La empresa Foundation Future Industries, con sede en San Francisco, trabaja en el desarrollo de robots humanoides diseñados para operar en fábricas, construir ciudades y, de manera destacada, participar en misiones militares. Este último enfoque ha puesto a la compañía en el centro del debate público, pues ya cuenta con contratos millonarios de defensa en Estados Unidos y el respaldo de Eric Trump como inversor y asesor del proyecto.

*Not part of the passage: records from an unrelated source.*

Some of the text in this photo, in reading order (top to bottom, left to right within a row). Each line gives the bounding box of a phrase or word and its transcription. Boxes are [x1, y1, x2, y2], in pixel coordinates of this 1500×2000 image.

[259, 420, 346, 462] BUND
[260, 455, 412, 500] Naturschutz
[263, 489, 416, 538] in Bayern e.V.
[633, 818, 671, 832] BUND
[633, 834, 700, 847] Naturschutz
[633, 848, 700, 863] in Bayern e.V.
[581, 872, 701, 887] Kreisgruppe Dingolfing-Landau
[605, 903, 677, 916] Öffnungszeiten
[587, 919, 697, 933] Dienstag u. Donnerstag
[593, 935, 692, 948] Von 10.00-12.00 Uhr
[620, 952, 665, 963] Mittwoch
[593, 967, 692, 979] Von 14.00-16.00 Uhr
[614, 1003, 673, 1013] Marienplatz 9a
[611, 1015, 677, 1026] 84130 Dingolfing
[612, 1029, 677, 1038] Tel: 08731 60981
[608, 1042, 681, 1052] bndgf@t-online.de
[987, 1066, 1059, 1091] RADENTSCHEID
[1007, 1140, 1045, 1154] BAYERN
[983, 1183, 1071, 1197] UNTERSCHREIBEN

El modelo principal de la compañía lleva el nombre de Phantom. Se trata de un robot negro de 1.80 metros de altura, capaz de cargar hasta 40 kilos. El equipo utiliza inteligencia artificial y un sistema de cámaras de 360 grados para reconocer su entorno, lo que le permite funcionar por su cuenta o bajo el control remoto de una persona. La empresa ya prepara una segunda versión más potente que se presentará a finales de año.

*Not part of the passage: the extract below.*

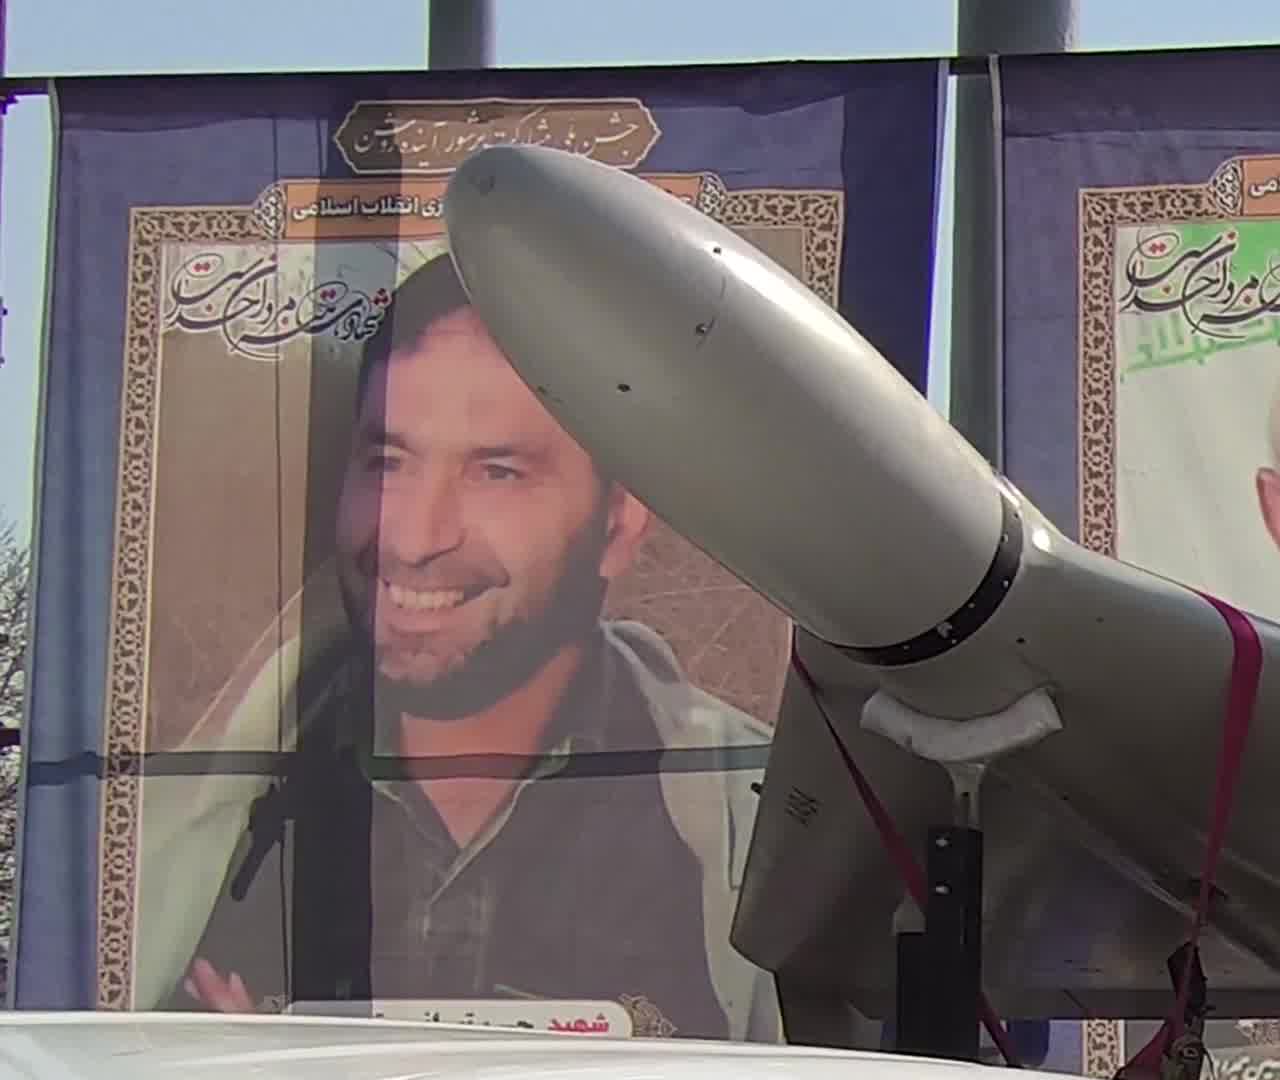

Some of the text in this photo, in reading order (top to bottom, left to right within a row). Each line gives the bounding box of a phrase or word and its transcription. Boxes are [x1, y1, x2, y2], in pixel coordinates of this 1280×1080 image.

[353, 111, 417, 152] روشن
[292, 196, 358, 220] اسلامی
[361, 195, 419, 221] انقلاب

Sankaet Pathak, cofundador de Foundation, defiende el uso de estos robots en las fuerzas armadas. Asegura que Estados Unidos necesita estas herramientas para no quedarse atrás frente a naciones como Rusia o China, que ya investigan tecnologías parecidas. Pathak argumenta que los humanoides armados podrían ser mucho más precisos que el armamento militar actual y considera que el rechazo hacia ellos es infundado.

Hasta el momento, se calcula que la empresa tiene acuerdos por 24 millones de dólares para poner a prueba sus robots en distintas ramas del ejército estadounidense. También se encuentran en pláticas con el Departamento de Seguridad Nacional para usar los equipos en la vigilancia de la frontera con México. Sobre la participación de Eric Trump, tanto la compañía como sus representantes afirman que su papel no incluye decisiones diarias y niegan que su relación con la Casa Blanca les dé algún trato preferencial.

Pese al entusiasmo de la empresa, la idea de utilizar soldados robóticos enfrenta un fuerte rechazo internacional. La Organización de las Naciones Unidas (ONU) ha solicitado que se prohíban este tipo de tecnologías en la guerra. Por su parte, la organización Human Rights Watch advierte que los sistemas de inteligencia artificial no son perfectos y podrían equivocarse al elegir sus blancos, además de que las máquinas no pueden rendir cuentas ante la ley por sus errores. Finalmente, voces como la de Joe Costa, exfuncionario del Pentágono, señalan que enviar robots al campo de batalla le quita el peso moral y político a las decisiones de guerra.